SOURCE MATERIAL:

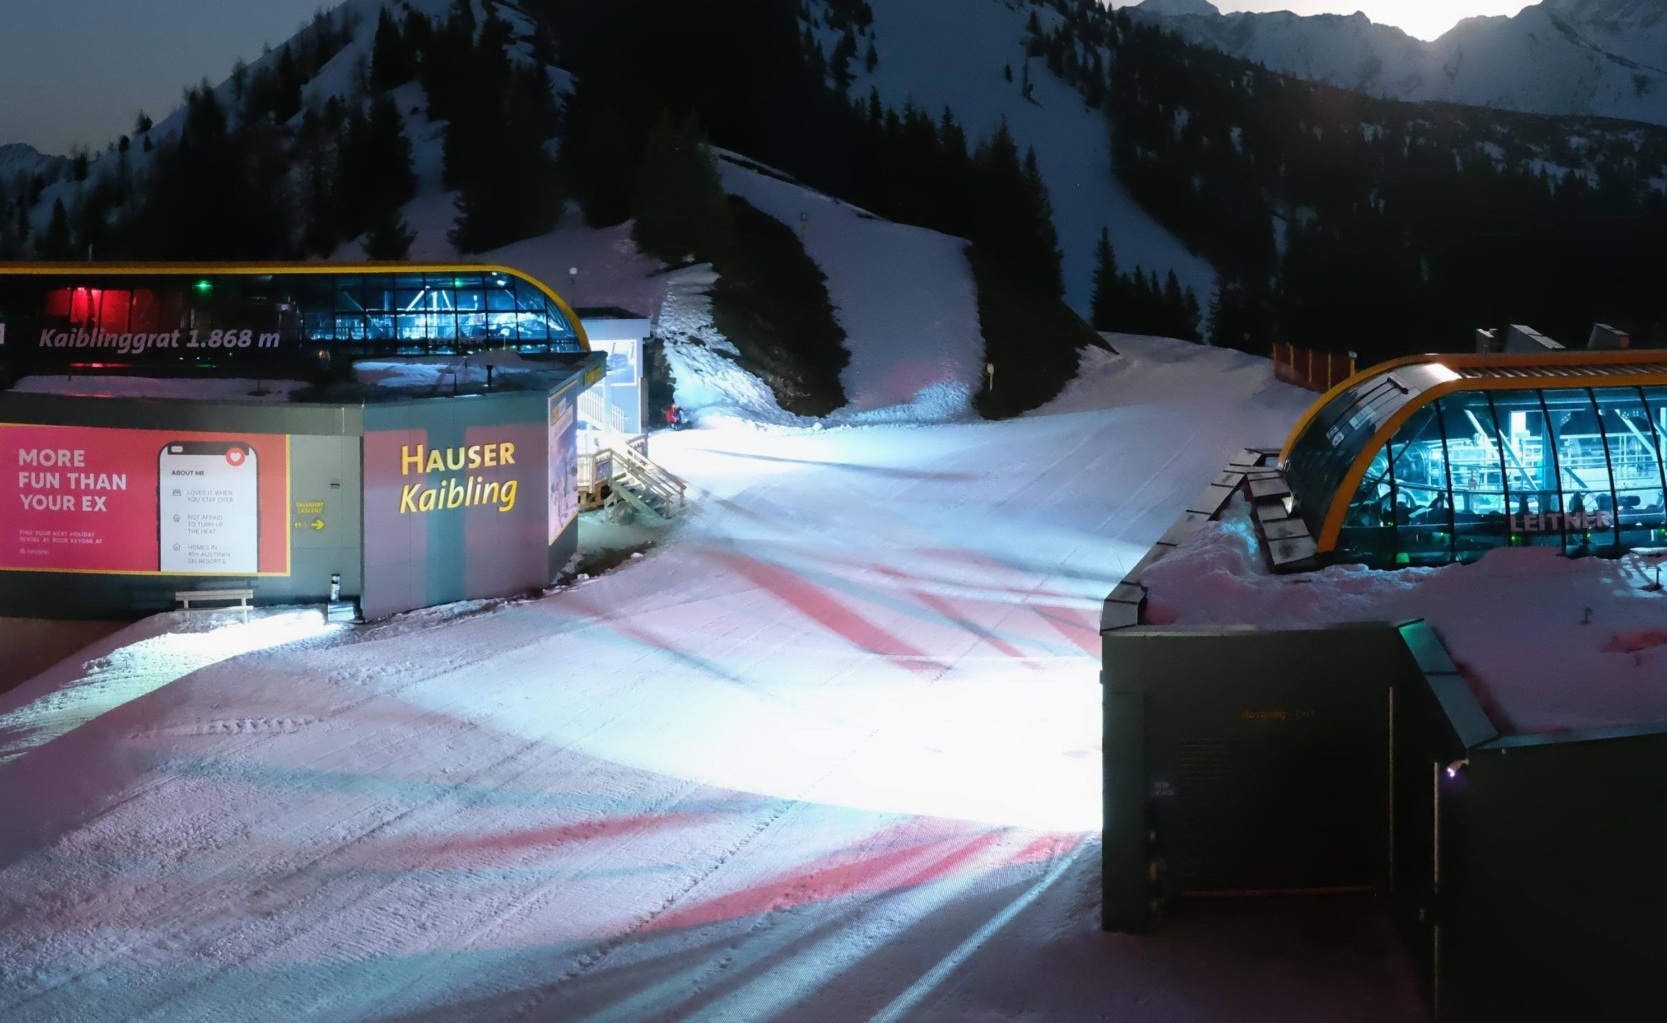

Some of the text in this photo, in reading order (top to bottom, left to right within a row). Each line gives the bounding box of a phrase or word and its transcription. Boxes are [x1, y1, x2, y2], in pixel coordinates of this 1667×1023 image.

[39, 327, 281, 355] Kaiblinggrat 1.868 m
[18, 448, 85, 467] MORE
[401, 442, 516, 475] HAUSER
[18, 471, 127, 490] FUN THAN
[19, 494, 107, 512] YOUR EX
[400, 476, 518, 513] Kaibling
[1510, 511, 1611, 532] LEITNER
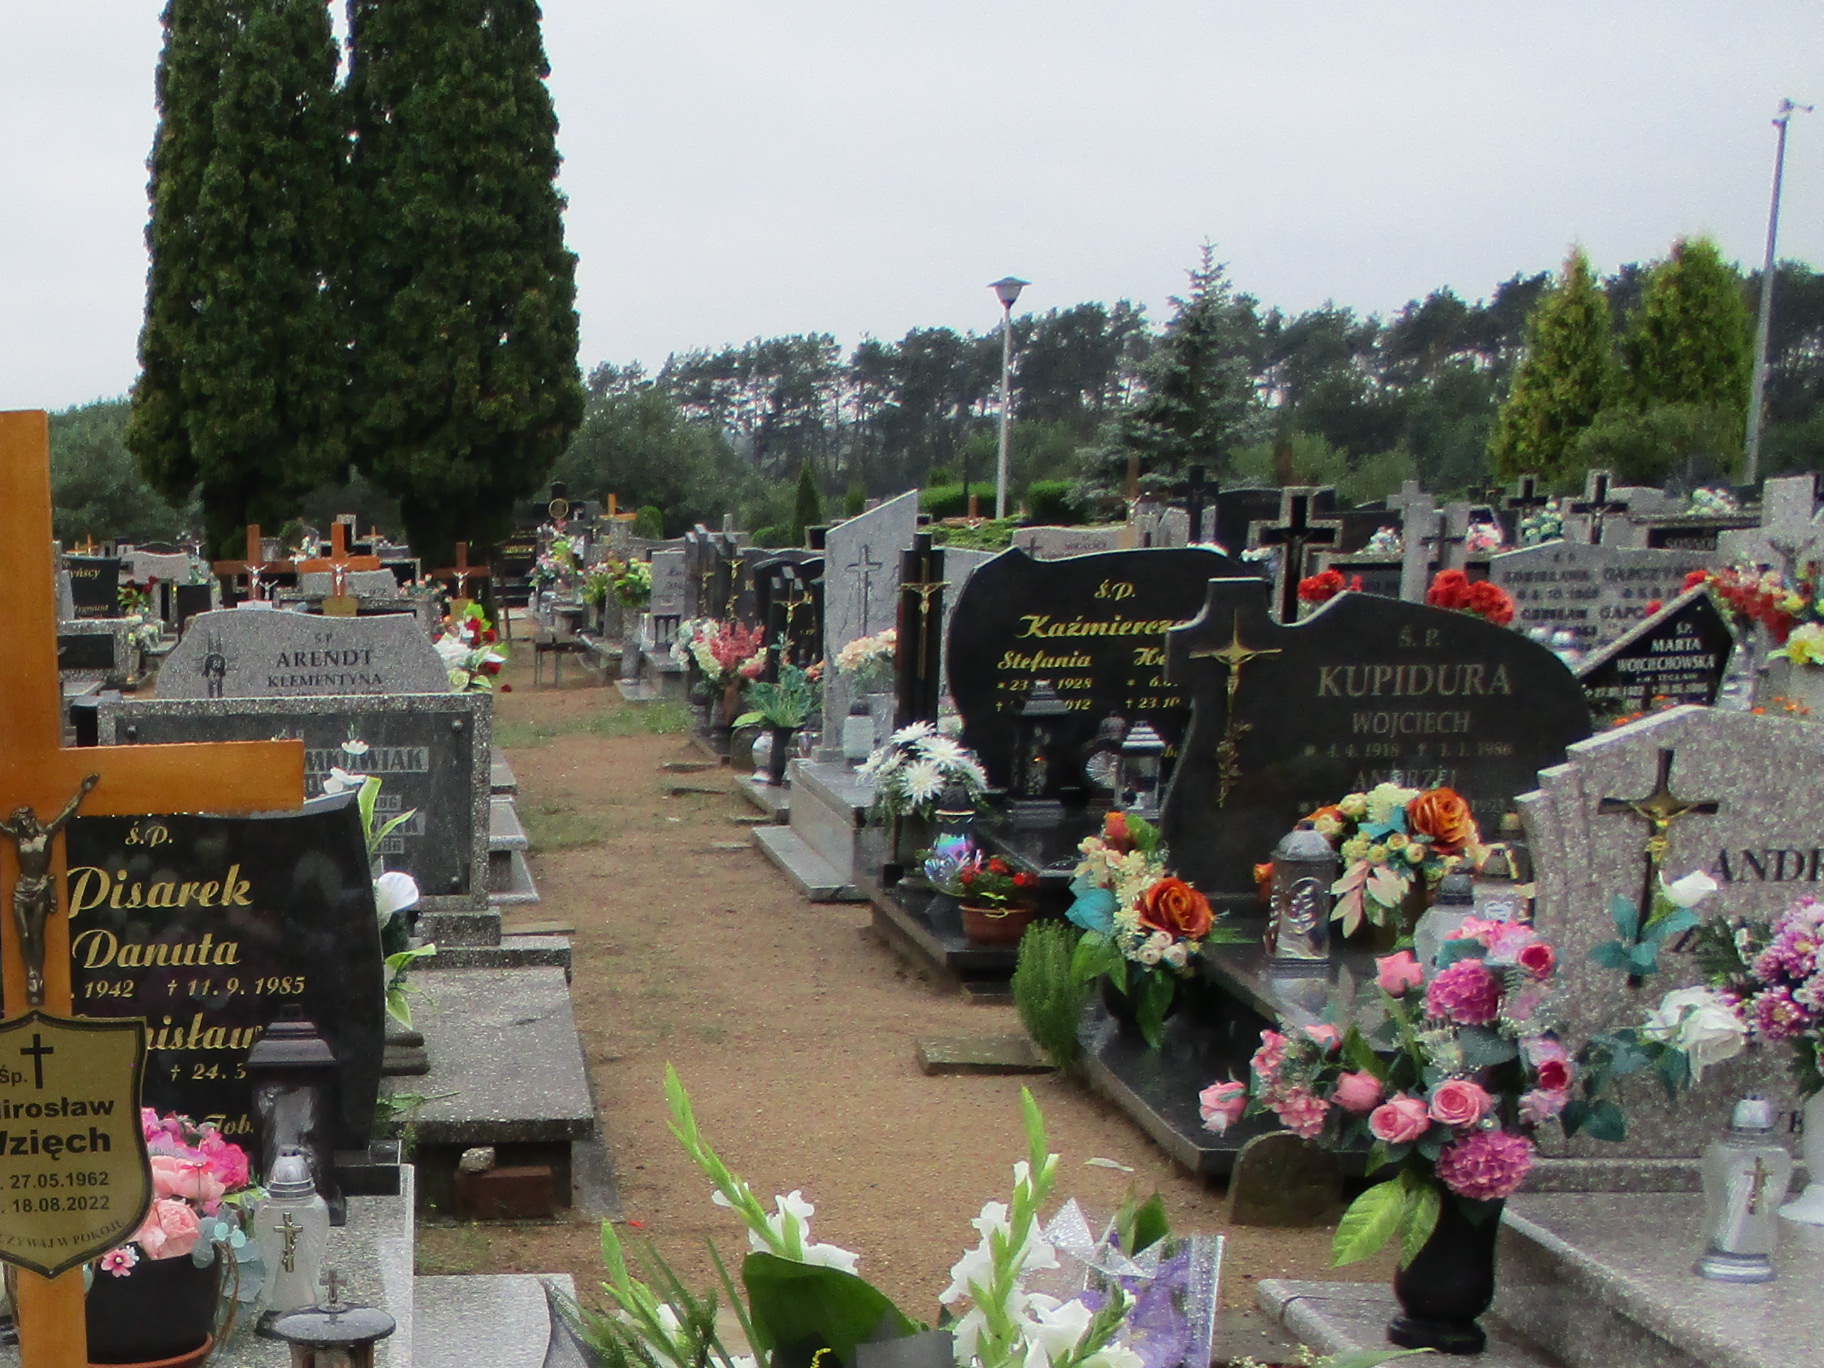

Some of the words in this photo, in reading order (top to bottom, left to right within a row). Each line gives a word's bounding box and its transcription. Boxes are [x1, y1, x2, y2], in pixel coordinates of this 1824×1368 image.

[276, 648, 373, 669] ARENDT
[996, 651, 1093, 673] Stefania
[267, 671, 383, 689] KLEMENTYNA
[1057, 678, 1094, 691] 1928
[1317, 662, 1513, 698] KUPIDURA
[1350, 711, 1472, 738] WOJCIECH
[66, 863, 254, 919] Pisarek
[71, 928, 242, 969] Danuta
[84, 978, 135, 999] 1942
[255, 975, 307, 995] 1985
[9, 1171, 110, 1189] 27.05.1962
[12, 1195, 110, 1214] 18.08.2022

REQUIRED ACTION: Each line of the data must be transcribed exactly; pictures are not carried over.

SOLUTION FOR THIS EXERCISE:
Some of the text in this photo, in reading order (top to bottom, left to right within a row). Each line gives the bounding box of a phrase or word and its transcription. Boxes are [x1, y1, x2, y2], in pixel coordinates of this 1667×1023 image.

[39, 327, 281, 355] Kaiblinggrat 1.868 m
[18, 448, 85, 467] MORE
[401, 442, 516, 475] HAUSER
[18, 471, 127, 490] FUN THAN
[19, 494, 107, 512] YOUR EX
[400, 476, 518, 513] Kaibling
[1510, 511, 1611, 532] LEITNER

Some of the words in this photo, in reading order (top to bottom, left to right within a row). Each line gives a word's bounding box and its transcription. Boxes are [x1, y1, x2, y2], in pixel coordinates of this 1824×1368 image.

[276, 648, 373, 669] ARENDT
[996, 651, 1093, 673] Stefania
[267, 671, 383, 689] KLEMENTYNA
[1057, 678, 1094, 691] 1928
[1317, 662, 1513, 698] KUPIDURA
[1350, 711, 1472, 738] WOJCIECH
[66, 863, 254, 919] Pisarek
[71, 928, 242, 969] Danuta
[84, 978, 135, 999] 1942
[255, 975, 307, 995] 1985
[9, 1171, 110, 1189] 27.05.1962
[12, 1195, 110, 1214] 18.08.2022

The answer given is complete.